Some people enjoy the Thrill of the Hunt or the Thrill of the Chase… it seems, my friends, that I enjoy the Thrill of Being Ridiculously Busy.

though I am capable of relaxing! see??

Since I’m leaving my job in less than two weeks, and I know it might take me a long time to find another job, I decided to start stocking up on money-making activities here and there.  I mentioned I was looking for something extra and a friend called me when her company needed some data entry done; I put up my petsitting cards at a local petstore (guys, I know it’s owned by PetCo, but I love UnLeashed – such a good petstore!) and now I’m walking and doing some positive-reinforcement training with a puppy in town on top of my regular clients; I stopped in at my favorite cookie-only bakery (okay, so there’s only one of those I know of, but it would be my favorite even if it wasn’t the only one) to buy cookies and on a whim asked if they were hiring – now I’m working there a few hours a week.

sky's the limit on insanity!

So I’m basically working four jobs through Christmas, and yes, I am a little bit stressed out, but also – I feel SO GOOD.  Every free moment is a moment I could do something with.  Quick! I have five minutes while the water boils for tea! Time to make that Christmas ornament I’ve been putting off! Okay, here’s another ten minutes before I have to leave: I’ll put tape on the windows and put the plastic up in a few days when I have fifteen minutes to spare.  I am getting an absolute thrill from being so damn busy.
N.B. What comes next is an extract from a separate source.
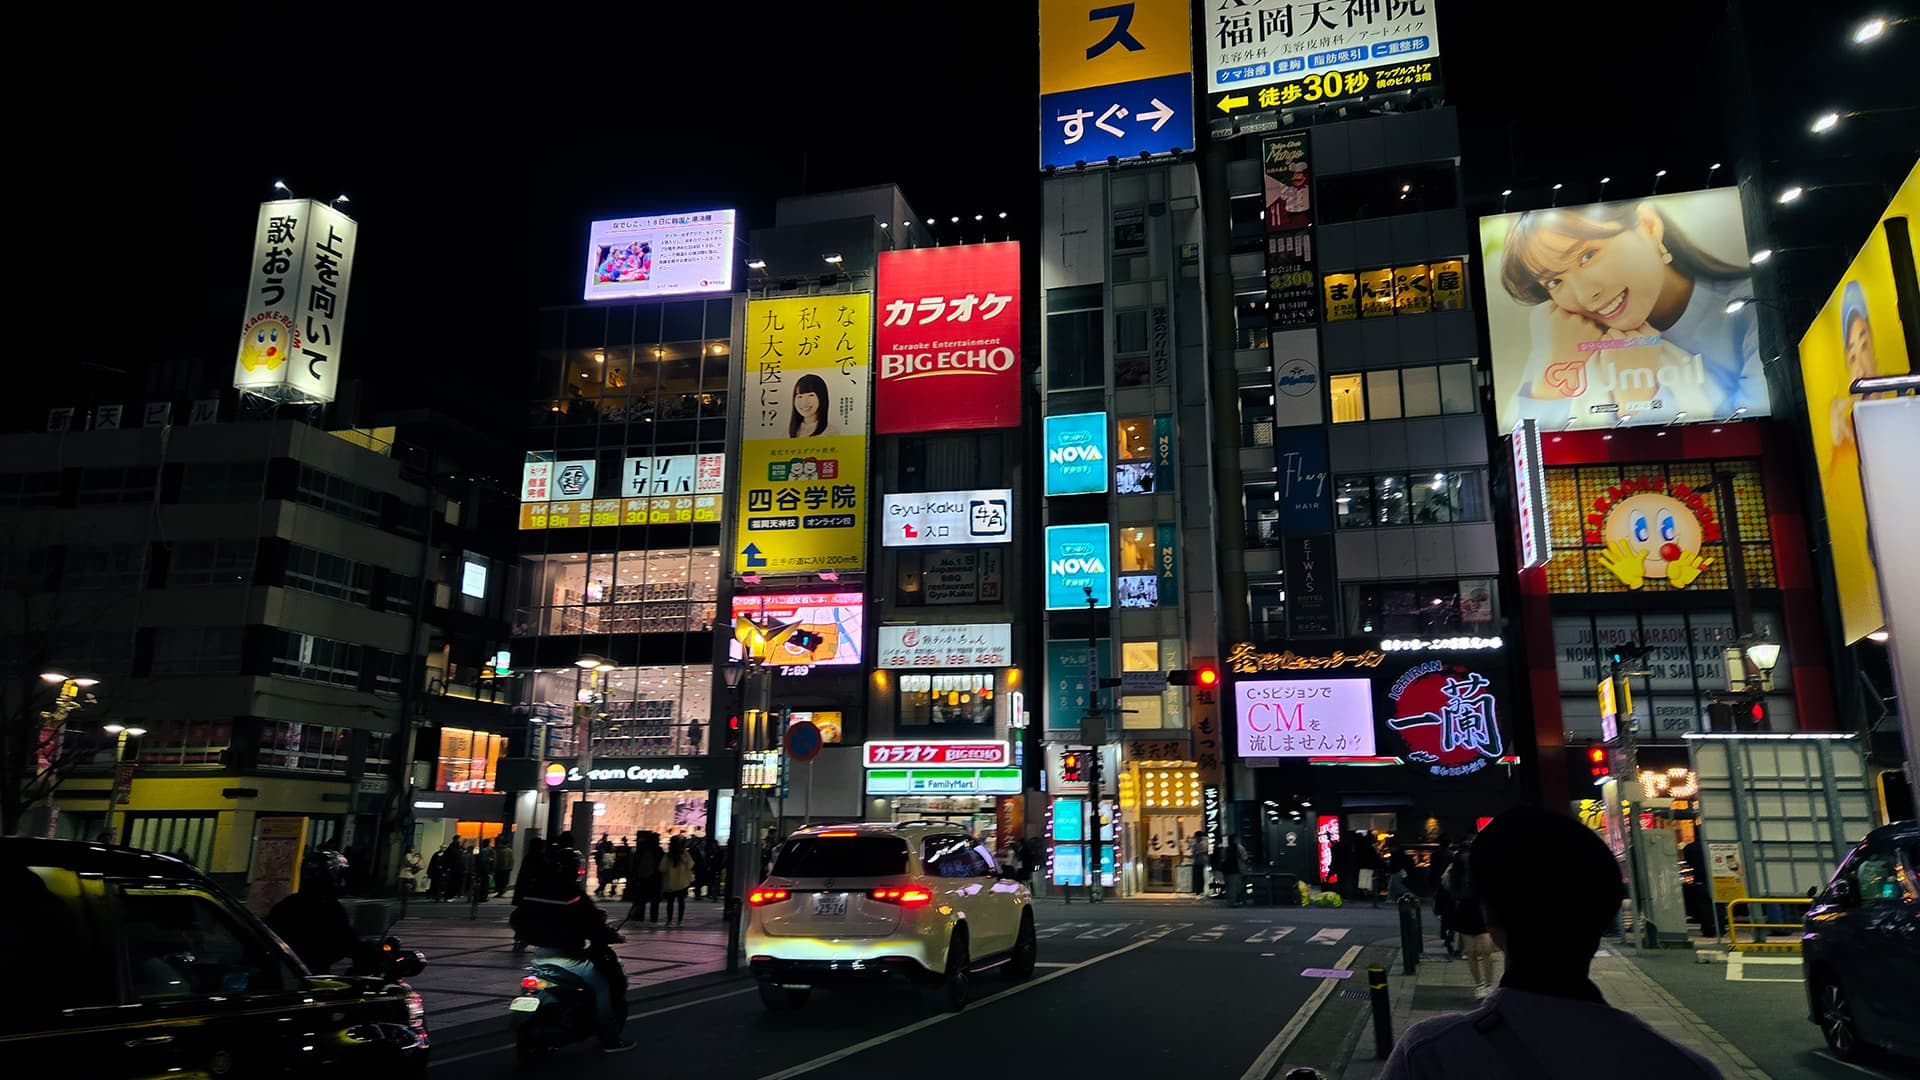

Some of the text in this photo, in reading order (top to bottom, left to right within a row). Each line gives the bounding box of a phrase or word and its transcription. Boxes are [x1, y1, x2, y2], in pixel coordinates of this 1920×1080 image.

At the end of the day, I am exhausted and usually either asleep or incredibly grumpy (sorry Wife!) by 9:30 at night, but I also feel so productive.  Maybe I don’t have a Thing, but maybe my Thing is trying to keep my head up without losing my shit.  In a good way.

It's all a delicate balance, sort of like a giant chess game. Like THIS giant chess game.

Are you someone who prefers to be busy than, you know, relaxed?  What do you do when you have too much time on your hands?  Does anyone besides somewhat crazy me ever actually feel like they have too much time on their hands?

Happy Tuesday, everyone!  Hopefully my posts don’t start sounding a little manic as these jobs pick up… please tell me if they do.  Or just sit in the corner being quietly entertained by me, and occasionally check in with my wife to make sure she’s doing alright.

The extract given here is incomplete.